BookmarkSubscribeRSS Feed
SasDewd
Obsidian | Level 7

Hello,

 

I need to import daily CSV files that can have up to 150 columns.

I have the code that does this and most of the time it works fine.

However, each file can and a lot of time is different and could have 100, 120, 20 columns or really any number of columns.

So, every now and then a file will get imported and it will have some of the columns misaligned.

I assume that if a certain column is not present in the file it will just skip it and leave it blank but it seems that for some reason sometimes it just tries to push values from different column.

My code is way too long to post here but this is sorta what it looks like:

 

DATA WORK.DATASET_DAILY;
LENGTH
Column1 8
Column2 

...

FORMAT
Column1 BEST2.
Column2 BEST2.

...

INFORMAT
Column1 BEST2.
Column2 BEST2.

...

INFILE "&path/&&File&i" 
DELIMITER = ','
DSD
LRECL=32767 
FIRSTOBS=2;
INPUT

Column1 : ?? COMMA4.
Column2 : ?? COMMA4.

...

In here all the columns are listed so no file being imported will have a column that is not defined here but most of the file will not have all the columns specified here.

 

Does anyone have any idea why occasionally I get my columns misaligned ?

 

Thanks,

10 REPLIES 10
ballardw
Super User

@SasDewd wrote:

Hello,

 

I need to import daily CSV files that can have up to 150 columns.

I have the code that does this and most of the time it works fine.

However, each file can and a lot of time is different and could have 100, 120, 20 columns or really any number of columns.

So, every now and then a file will get imported and it will have some of the columns misaligned.

 

Does anyone have any idea why occasionally I get my columns misaligned ?

 

Thanks,


Define "misaligned".

I would suspect that some column that should be character may occasionally contain a comma that is not within quotes.

Another possibility would be a field with a single quote such 5" for five inches. That messes with most delimited files.

 

Tom
Super User Tom
Super User

Are all of the columns the same? Numeric, like in your example?

Why are you not using the TRUNCOVER option to keep the INPUT statement from flowing to the next line if there are not enough values on the line?

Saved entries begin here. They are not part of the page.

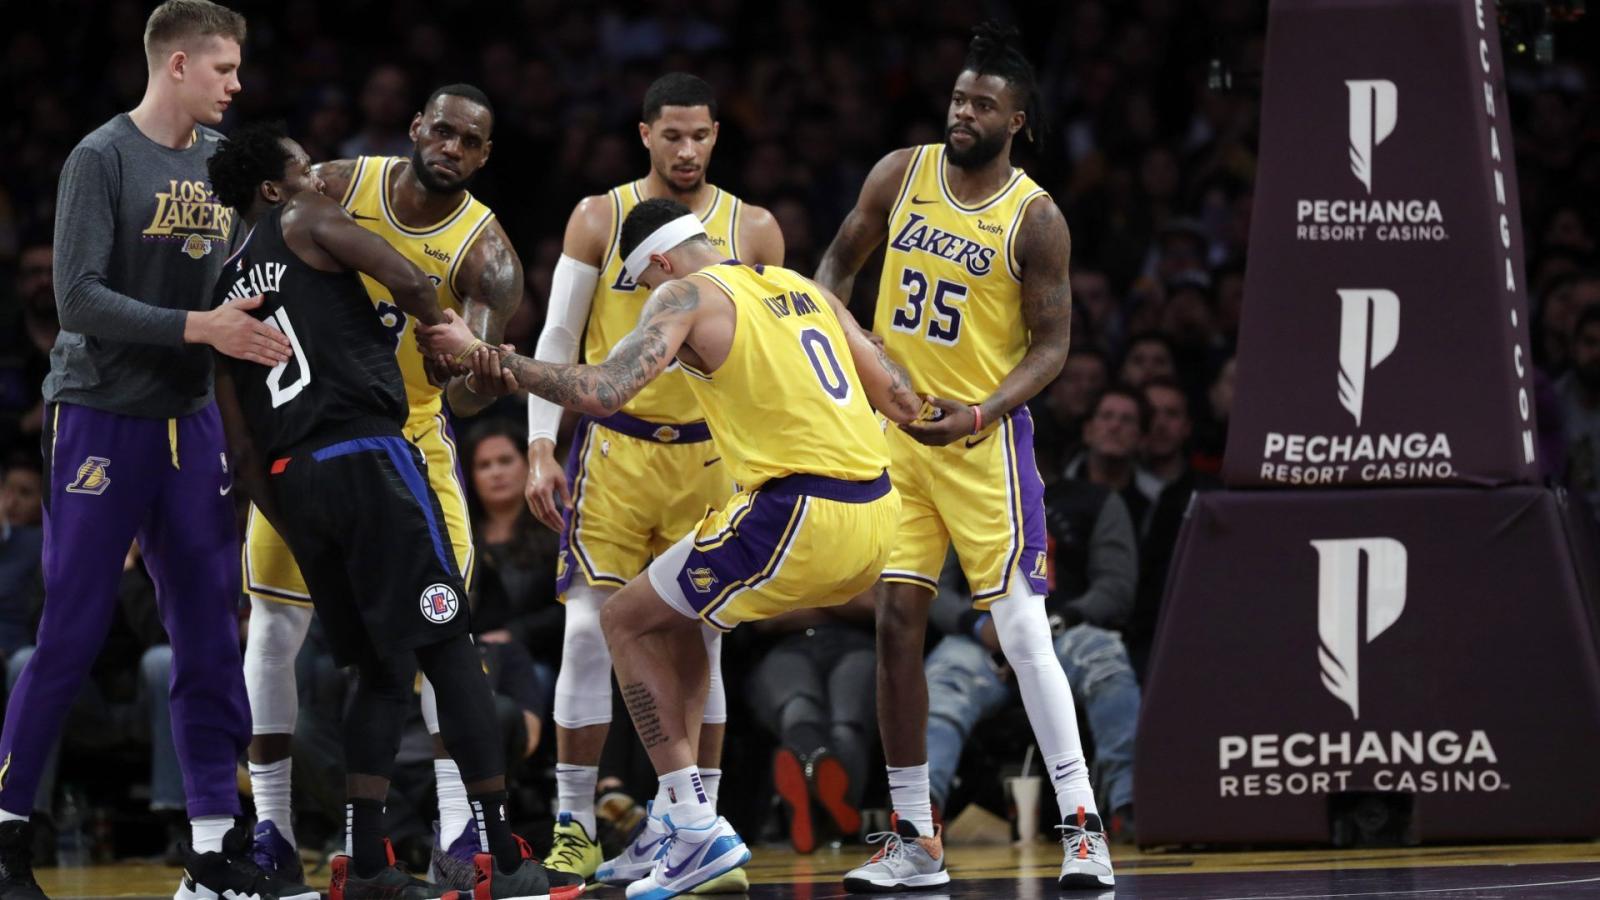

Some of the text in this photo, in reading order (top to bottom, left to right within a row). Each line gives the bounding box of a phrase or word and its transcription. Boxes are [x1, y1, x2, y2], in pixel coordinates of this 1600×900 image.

[169, 180, 206, 203] LOS
[142, 192, 234, 240] LAKERS
[1297, 200, 1443, 223] PECHANGA
[977, 219, 1004, 236] wish
[1297, 224, 1367, 240] RESORT
[423, 243, 452, 263] wish
[709, 236, 726, 246] ish
[891, 212, 997, 277] LAKERS
[892, 267, 968, 347] 35
[800, 327, 850, 407] 0
[1264, 432, 1452, 463] PECHANGA
[1260, 462, 1348, 484] RESORT
[1219, 730, 1498, 770] PECHANGA
[1220, 771, 1352, 797] RESORT
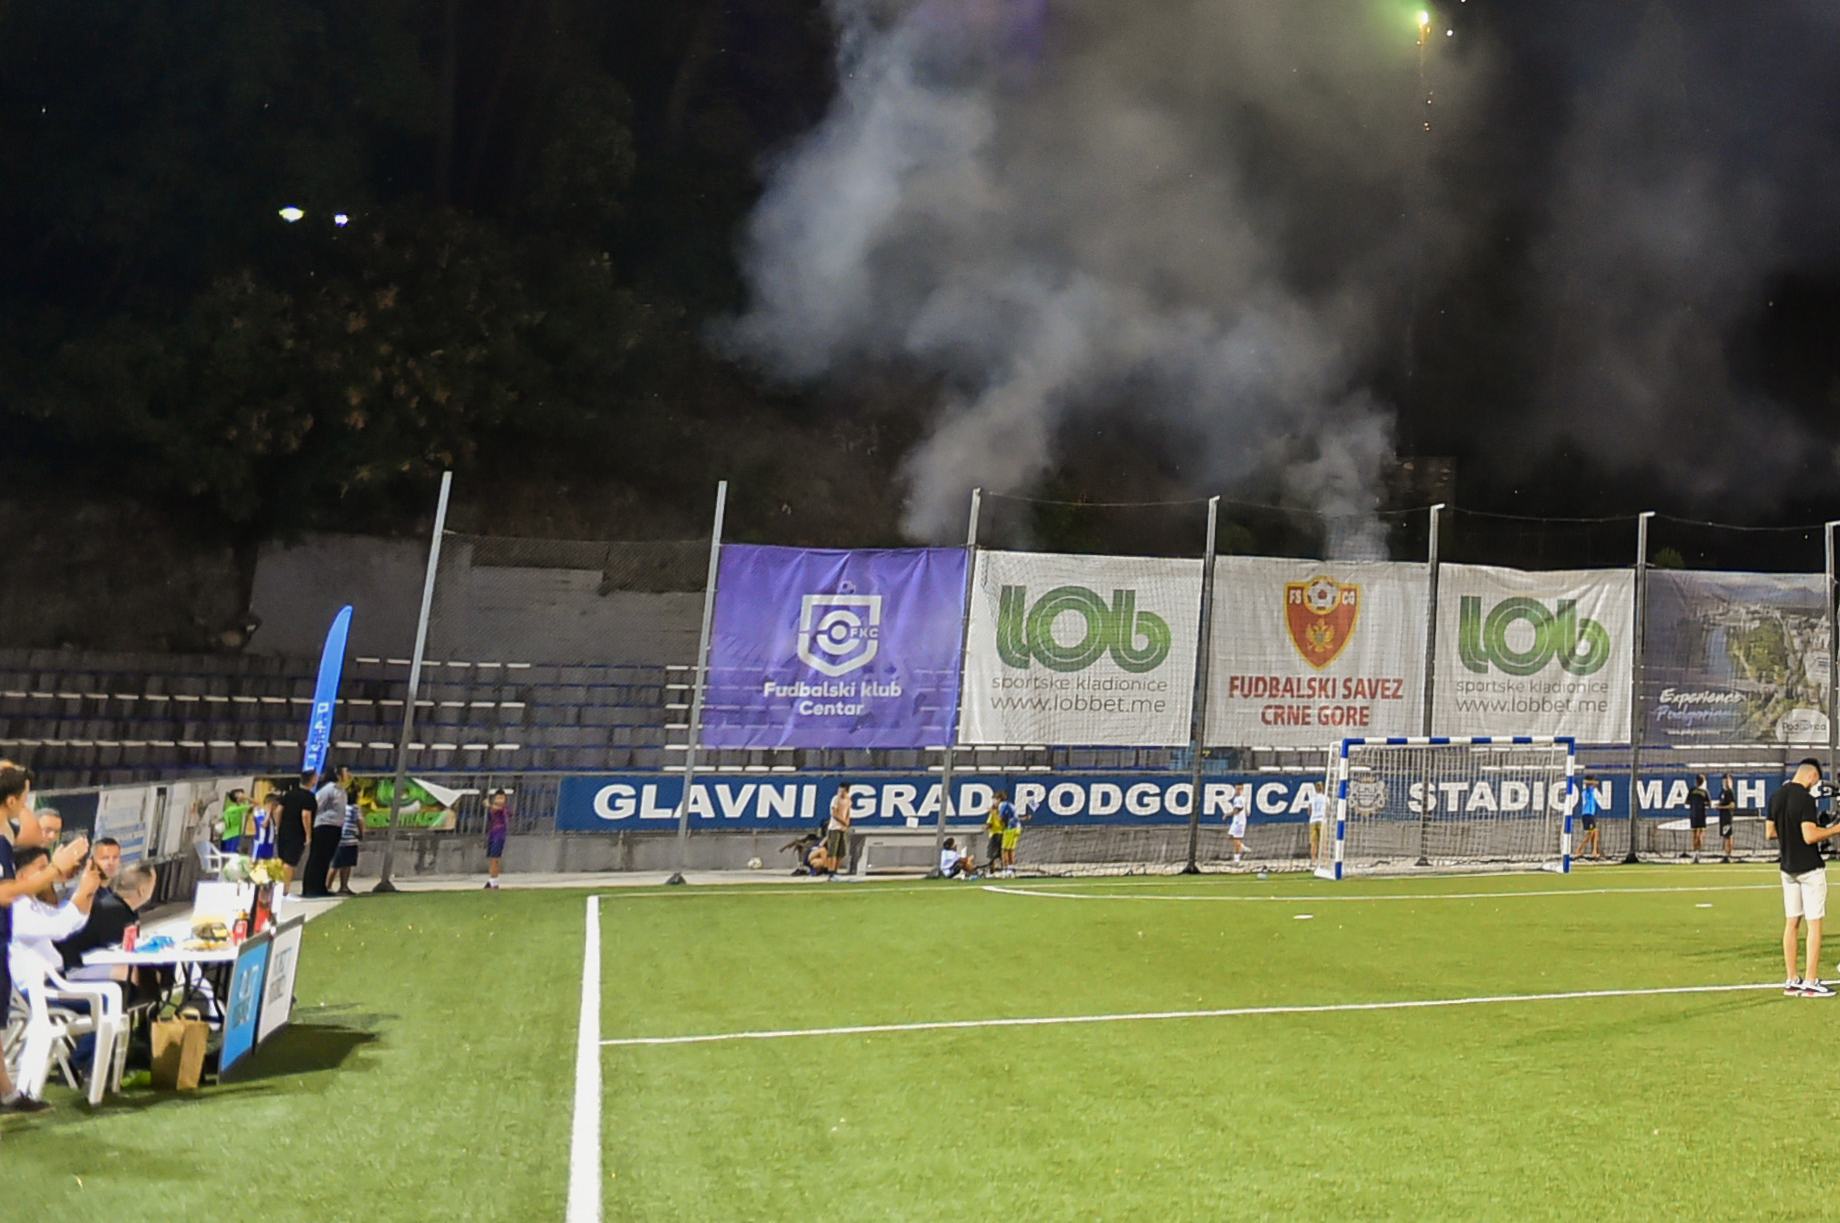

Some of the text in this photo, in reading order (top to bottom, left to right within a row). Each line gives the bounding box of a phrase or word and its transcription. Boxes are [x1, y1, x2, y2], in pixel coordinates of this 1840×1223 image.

[1289, 589, 1302, 604] FS
[763, 682, 901, 698] Fudbalski klub
[992, 676, 1168, 693] sportske kladionice
[1229, 676, 1404, 700] FUDBALSKI SAVEZ
[1456, 680, 1609, 695] sportske kladionice
[799, 700, 865, 716] Centar
[991, 694, 1166, 713] www.lobbet.me
[1456, 696, 1608, 713] www.lobbet.me
[1261, 705, 1370, 726] CRNE GORE
[593, 784, 817, 820] GLAVNI
[849, 783, 994, 819] GRAD
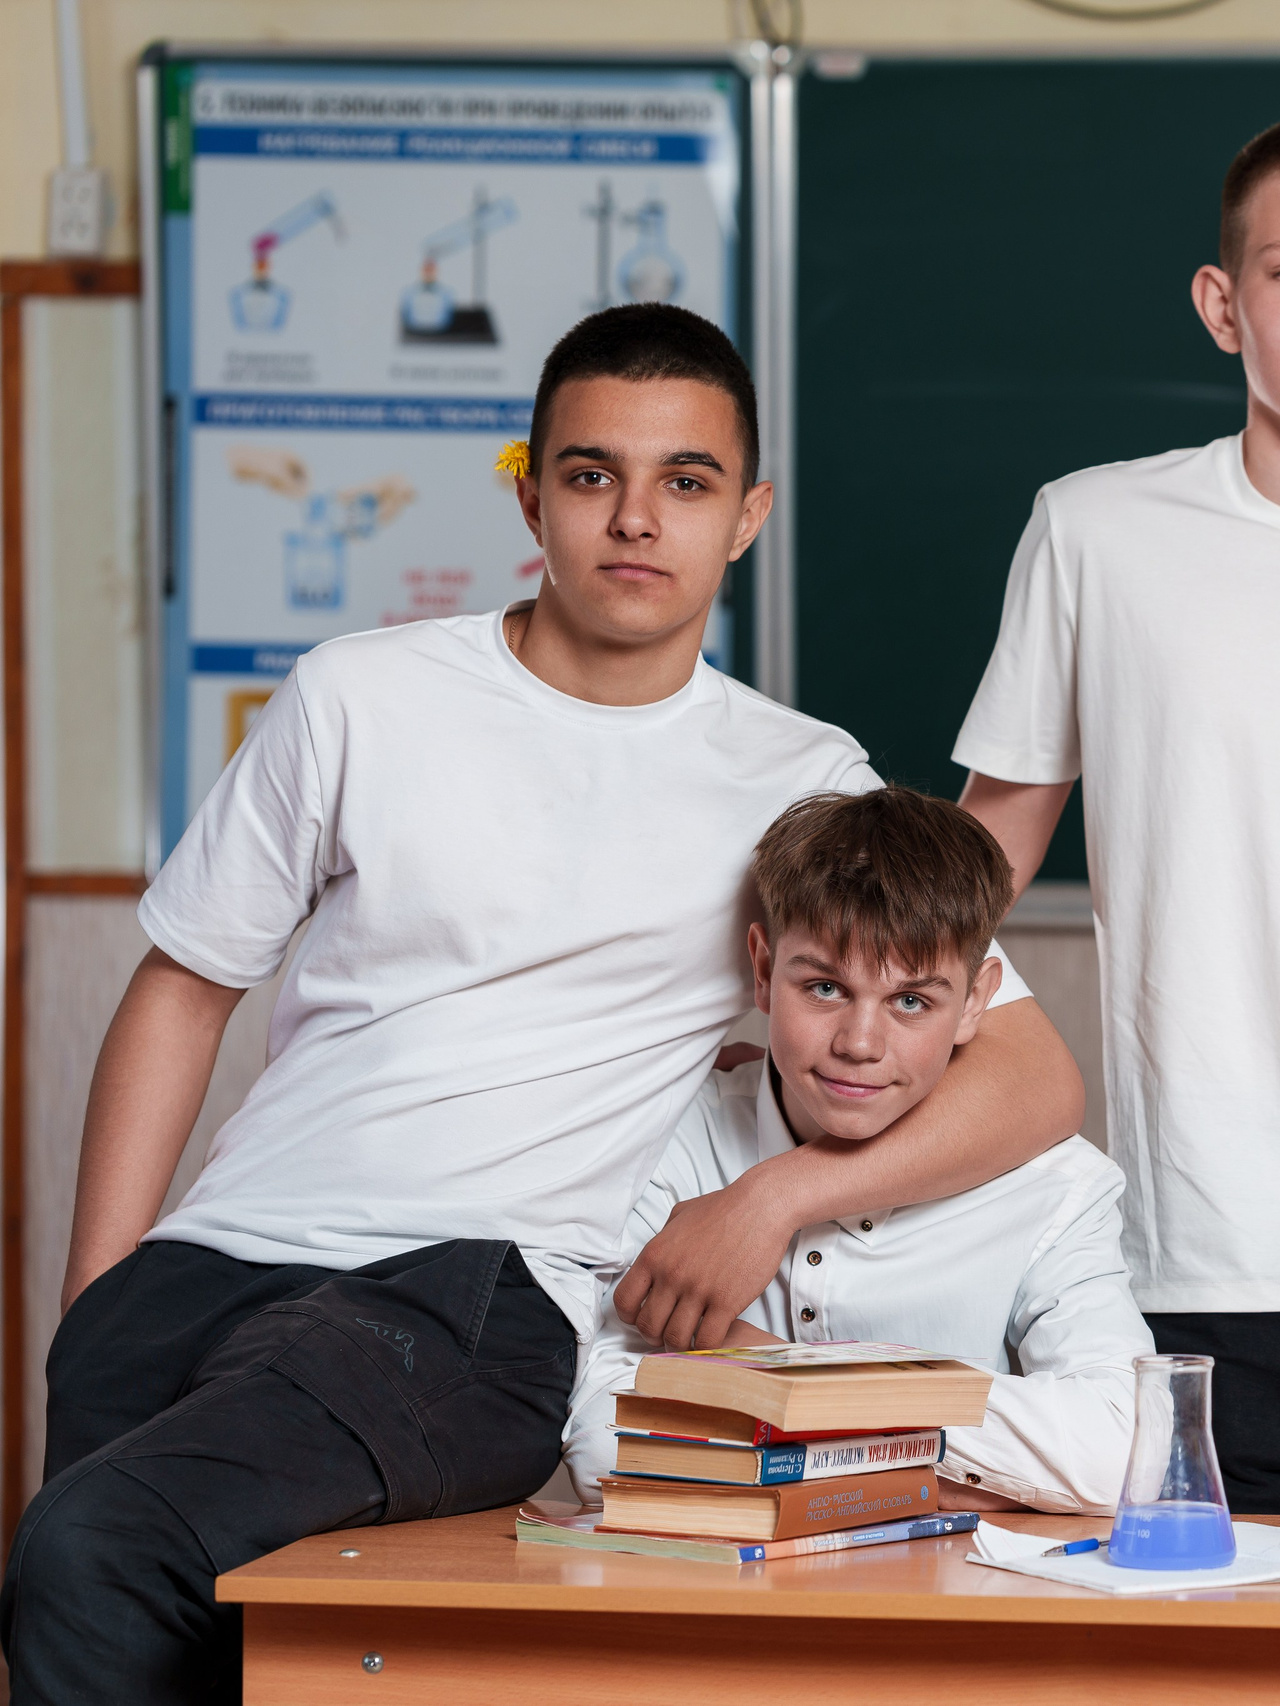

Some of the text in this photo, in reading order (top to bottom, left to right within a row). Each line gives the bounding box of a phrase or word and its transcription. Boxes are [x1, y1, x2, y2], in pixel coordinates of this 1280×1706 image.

[810, 1438, 937, 1470] АНГЛИЙСКИЙ ЯЗЫК ЭКСПРЕСС-КУРС
[767, 1463, 795, 1475] Петрова
[807, 1488, 864, 1510] АНГЛО-РУССКИЙ
[882, 1494, 912, 1510] СЛОВАРЬ
[1137, 1529, 1151, 1539] 100
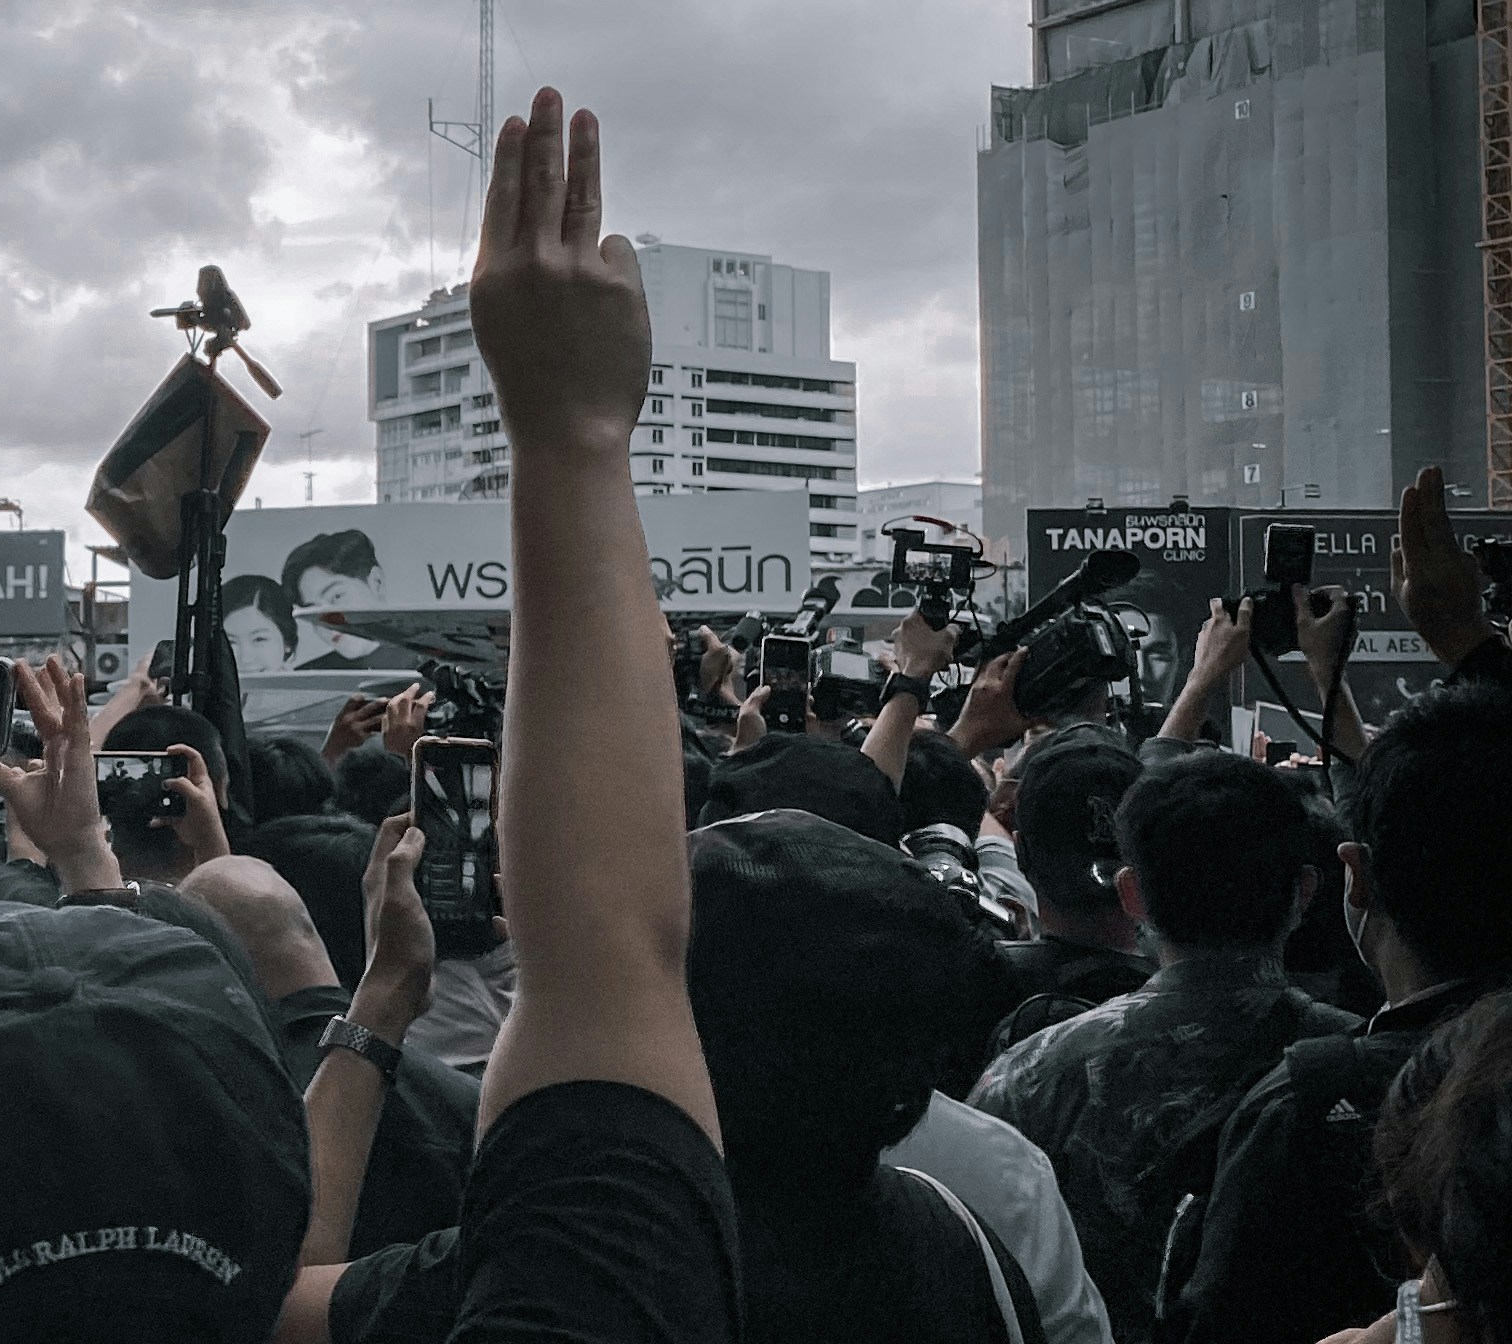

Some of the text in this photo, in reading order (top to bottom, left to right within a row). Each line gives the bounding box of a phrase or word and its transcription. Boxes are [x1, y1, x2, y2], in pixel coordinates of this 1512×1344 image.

Is it possible that some of the lines have embedded line breaks?

 

That codes looks like the ugly stuff that PROC IMPORT generates.  Why not just do:

DATA WORK.DATASET_DAILY;
  INFILE "&path/&&File&i"  dsd firstobs=2 truncover ;
  input column1 - column200 ;
  informat column1 - column200 comma. ;
run;

 If suppressing the invalid data messages is important then perhaps:

DATA WORK.DATASET_DAILY;
  INFILE "&path/&&File&i"  dsd firstobs=2 truncover ;
  input (column1 - column200) (: ??comma.) ;
run;
 
Reeza
Super User
When the file is sent with 100 columns, does that mean it has 150 columns with 50 blank or only 100 columns? If it’s only 100, then SAS just reads them in order that you’ve specified and it will definitely be wrong.
SasDewd
Obsidian | Level 7

@ballardw By misaligned I mean say, the first 40 columns everything looks good and then starting with column 41 I would start seeing truncated values in columns that don't belong there. For example, I'll start seeing part of customer's last name in the address field and so on.

As for the possibility of a comma being included in a field value, it's possible, but I thought DSD option would make sure SAS doesn't think it's the end of the value.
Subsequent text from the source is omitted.